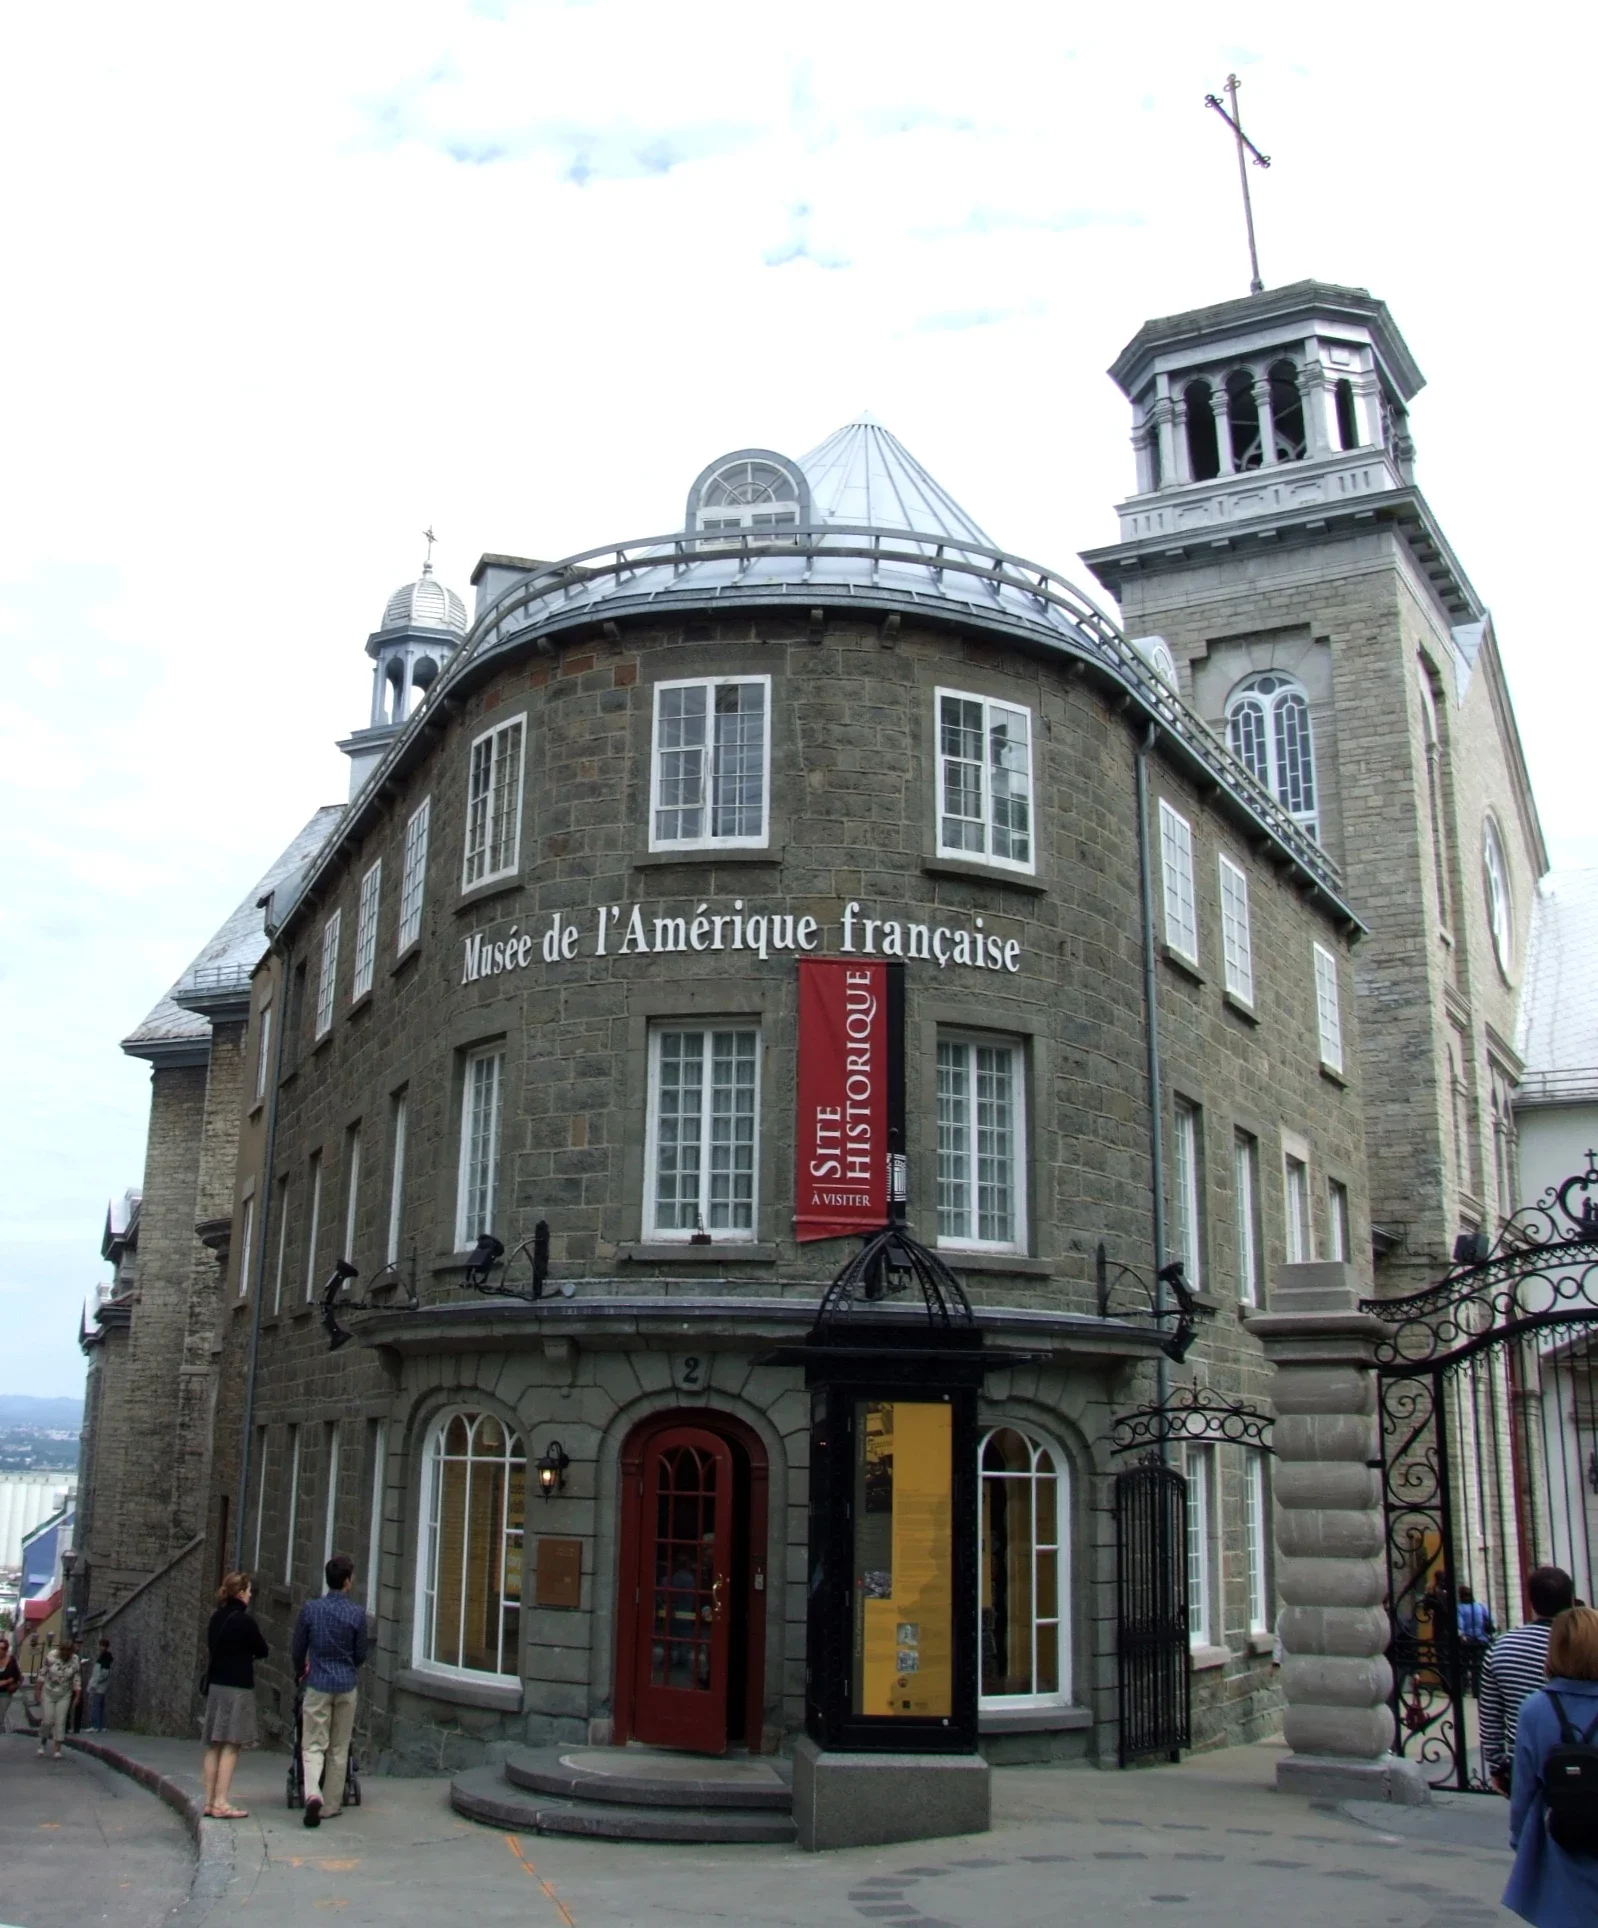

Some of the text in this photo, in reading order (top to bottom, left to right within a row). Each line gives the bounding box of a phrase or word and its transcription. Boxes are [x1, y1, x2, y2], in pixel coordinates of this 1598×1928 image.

[461, 900, 1020, 985] Musée de l'Amérique française
[846, 970, 877, 1179] HISTORIQUE
[810, 1105, 841, 1178] SITE
[812, 1190, 871, 1207] À VISITER
[683, 1356, 699, 1384] 2
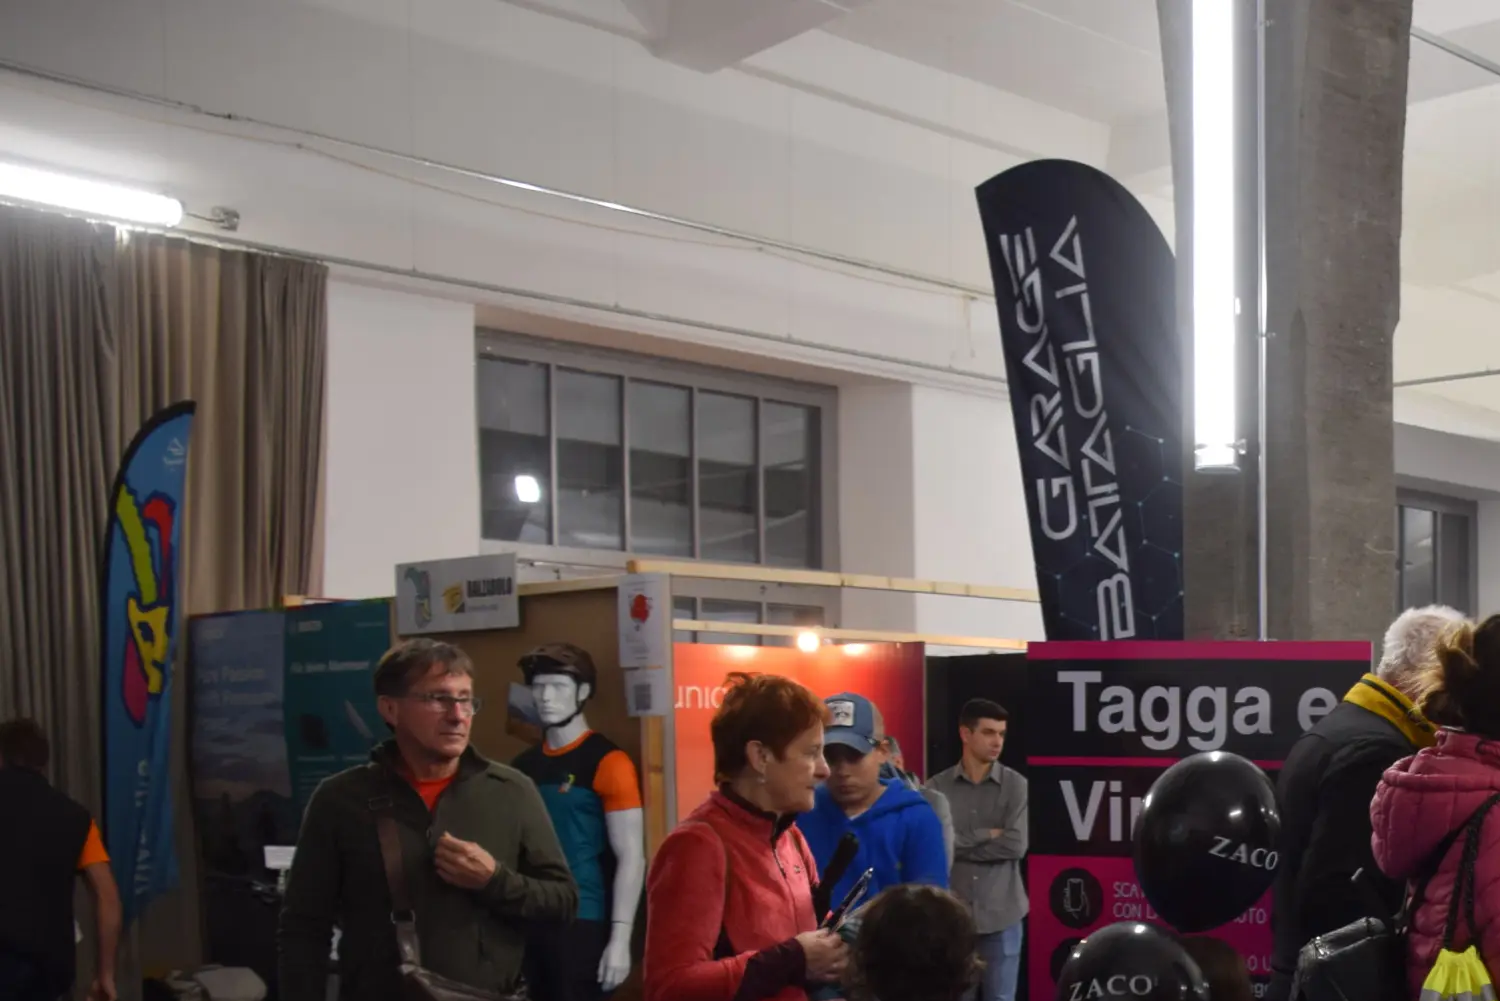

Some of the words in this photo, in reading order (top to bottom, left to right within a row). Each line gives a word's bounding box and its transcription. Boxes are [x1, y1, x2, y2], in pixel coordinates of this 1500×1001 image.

[1000, 226, 1078, 541] GARAGE
[1057, 670, 1273, 751] Tagga
[1297, 686, 1338, 732] e
[1208, 835, 1279, 871] ZACO
[1112, 902, 1142, 919] CON

* * * * * * * * *

Prompt:
Without the pictures, return the whole of the data exactly as given.

Solution for this problem:
Some of the text in this photo, in reading order (top to bottom, left to right within a row). Each line gives the bounding box of a phrase or word and its transcription. Boxes are [x1, y1, x2, y2], in pixel coordinates of this 1598×1928 image.

[461, 900, 1020, 985] Musée de l'Amérique française
[846, 970, 877, 1179] HISTORIQUE
[810, 1105, 841, 1178] SITE
[812, 1190, 871, 1207] À VISITER
[683, 1356, 699, 1384] 2

Some of the words in this photo, in reading order (top to bottom, left to right within a row). Each line gives a word's bounding box and its transcription. Boxes are [x1, y1, x2, y2], in pixel coordinates of this 1500×1001 image.

[1000, 226, 1078, 541] GARAGE
[1057, 670, 1273, 751] Tagga
[1297, 686, 1338, 732] e
[1208, 835, 1279, 871] ZACO
[1112, 902, 1142, 919] CON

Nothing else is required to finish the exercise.